AI-Generated News Anchors and Sockpuppets
The report also noted the growing use of AI-generated news anchors and sockpuppets by China-affiliated actors. These AI-generated anchors appeared in campaigns targeting Taiwanese officials in the lead-up to Taiwan’s Presidential election in January 2024.
Additionally, Chinese sockpuppets posing as US voters have been soliciting opinions on divisive domestic issues from American citizens. This tactic is believed to be a means of gathering intelligence and precision on key voting demographics ahead of the US Presidential election, to influence voters.
North Korea’s Cyber Operations for Revenue and Intelligence
The MTAC report also sheds light on North Korea’s cyber activities, which are primarily focused on generating revenue and collecting intelligence on perceived adversaries like the United States, South Korea, and Japan.

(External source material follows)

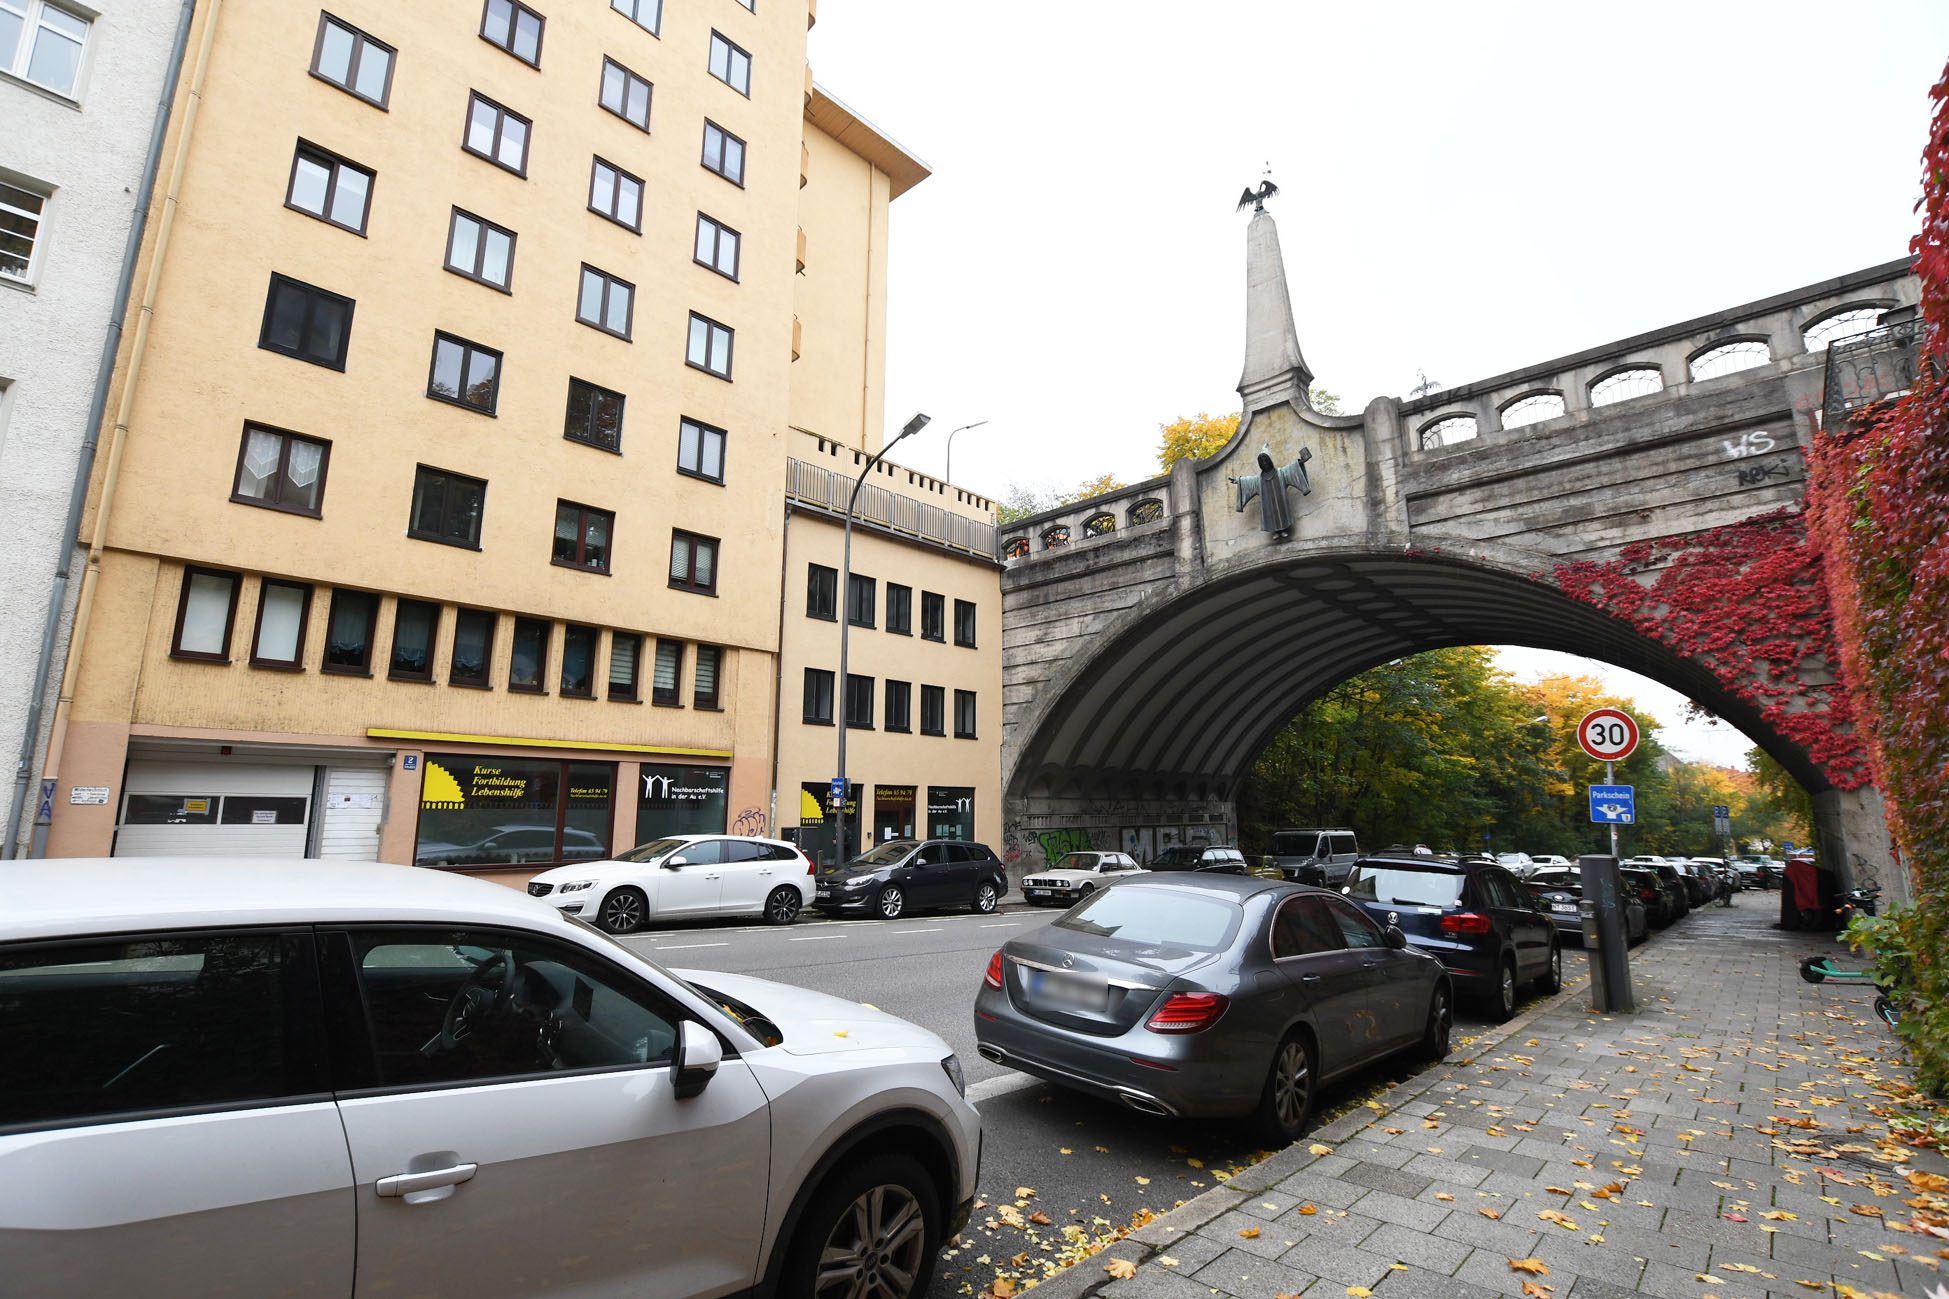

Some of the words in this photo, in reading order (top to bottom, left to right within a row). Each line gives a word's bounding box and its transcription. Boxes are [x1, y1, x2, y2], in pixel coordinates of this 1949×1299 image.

Cryptocurrency Heists and Software Supply Chain Attacks
North Korean hackers have stolen over $3 billion in cryptocurrency since 2017, according to Recorded Future’s Insikt Group. This is part of the government’s efforts to circumvent economic sanctions and fund its weapons program. Groups like Jade Sleet, Sapphire Sleet, and Citrine Sleet have been particularly active in targeting cryptocurrency targets since June 2023.

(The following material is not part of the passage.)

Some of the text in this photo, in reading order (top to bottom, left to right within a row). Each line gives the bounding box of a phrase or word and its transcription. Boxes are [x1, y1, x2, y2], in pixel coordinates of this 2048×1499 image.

North Korean threat actors have also heavily targeted the IT sector with spear-phishing and software supply chain attacks. For instance, the group Diamond Sleet exploited the TeamCity CVE-2023-42793 vulnerability in October 2023 to compromise hundreds of victims in various industries across the US and European countries.
Geopolitical Intelligence Gathering and AI Experimentation
Some North Korean cyber activities have had a geopolitical objective, such as countering the trilateral alliance between the US, South Korea, and Japan. Groups like Ruby Sleet, Emerald Sleet, and Pearl Sleet have frequently targeted organizations in sectors like government, defense, and media to collect intelligence on these countries.
Moreover, North Korean actors are experimenting with AI large language models (LLMs) to enhance their operations. Microsoft and OpenAI observed Emerald Sleet utilizing LLMs to improve spear-phishing campaigns targeting Korean Peninsula experts.
As the use of AI in cyber threats continues to evolve, governments, organizations, and individuals must remain vigilant and implement robust cybersecurity measures to combat these advanced threats.